Advantageous Effects of Invention
[0019] According to the present invention, it is possible to encode
a significant frequency domain region with high accuracy and
achieve high sound quality.
BRIEF DESCRIPTION OF DRAWINGS
[0020] FIG. 1 is a block diagram showing the configuration of a
speech/audio encoding apparatus according to Embodiment 1 of the
present invention;
[0021] FIG. 2 is a drawing showing the extraction of significant
frequency domain regions in Embodiment 1 of the present
invention;
[0022] FIG. 3 is a drawing showing repositioning of significant
frequency domain regions in Embodiment 1 of the present
invention;
[0023] FIG. 4 is a block diagram showing the configuration of a
speech/audio decoding apparatus according to Embodiment 1 of the
present invention;
[0024] FIG. 5 is a block diagram showing the configuration of a
speech/audio encoding apparatus according to a variation of
Embodiment 1 of the present invention;
[0025] FIG. 6 is a block diagram showing the configuration of a
speech/audio decoding apparatus according to a variation of
Embodiment 1 of the present invention;
[0026] FIG. 7 is block diagram showing the configuration of a
speech/audio encoding apparatus according to Embodiment 2 of the
present invention;
[0027] FIG. 8 is a block diagram showing the configuration of a
speech/audio decoding apparatus according to Embodiment 2 of the
present invention;
[0028] FIG. 9 is a drawing showing the problem in the related art's
method;
[0029] FIG. 10A is a drawing showing how the encoding after the
repositioning is performed in Embodiment 3 of the present
invention; and
[0030] FIG. 10B is a drawing showing the decoding result of the
repositioning processing in a speech/audio decoding apparatus
according to Embodiment 3 of the present invention.

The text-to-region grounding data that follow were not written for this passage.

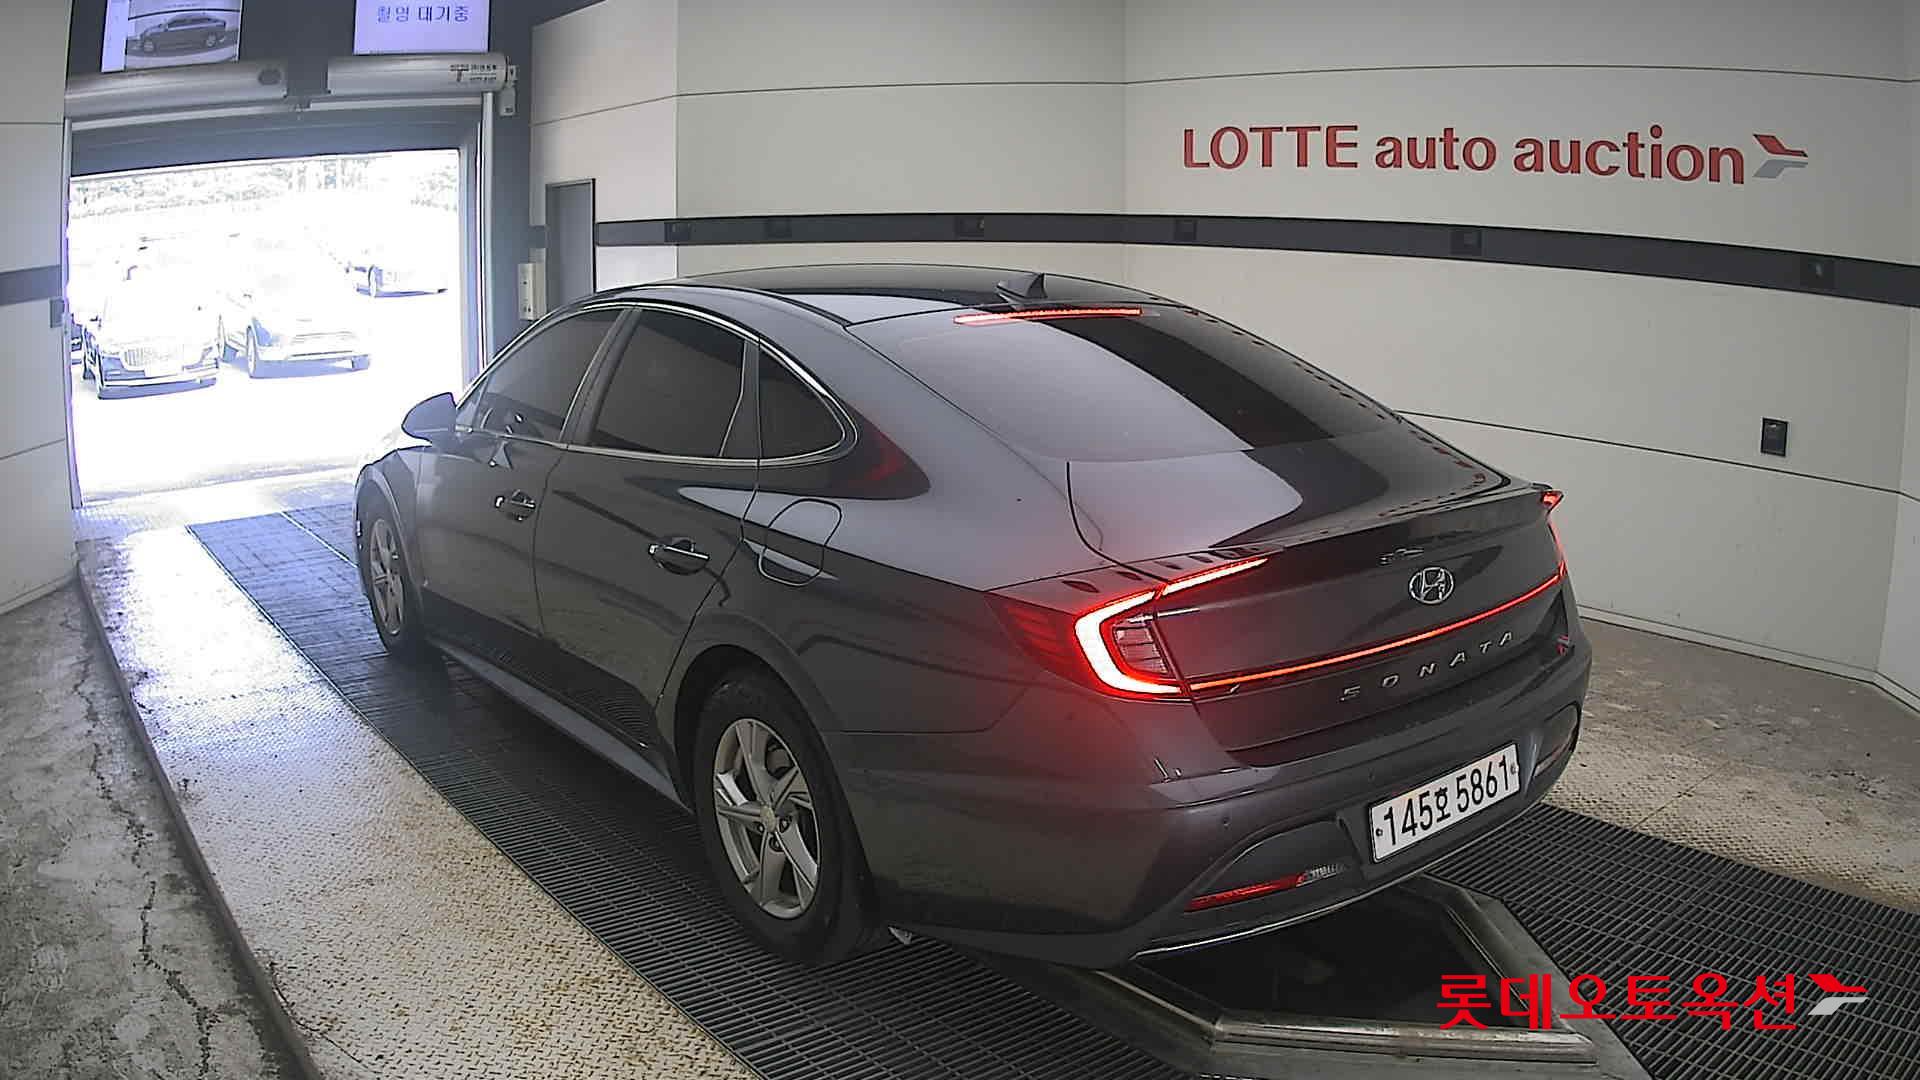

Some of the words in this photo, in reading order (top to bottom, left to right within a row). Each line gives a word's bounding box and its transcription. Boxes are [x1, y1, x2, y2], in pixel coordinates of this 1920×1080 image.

[418, 5, 469, 23] 대기중
[1183, 124, 1359, 170] LOTTE
[1374, 127, 1497, 171] auto
[1512, 123, 1746, 185] auction
[1339, 631, 1513, 702] SONATA
[1383, 787, 1451, 846] 145호
[1455, 754, 1509, 813] 5861

DESCRIPTION OF EMBODIMENTS
[0031] The present invention freely identifies an audibly
significant frequency domain region independently of subbands,
which are the unit of encoding using quantized linear prediction
coefficients which can be referenced by both a speech/audio
encoding apparatus and a speech/audio decoding apparatus and
repositions the spectrum (or conversion coefficients) included in
the significant frequency domain region. Doing this enables
determination of bit allocation without the influence of a
frequency domain region that is not audibly significant. Doing this
also enables encoding of shape and gains of the spectrum (or
conversion coefficients) included in the audibly significant
frequency domain region. That is, the present invention enables
encoding of a significant frequency domain region with high
accuracy, and also enables high sound quality.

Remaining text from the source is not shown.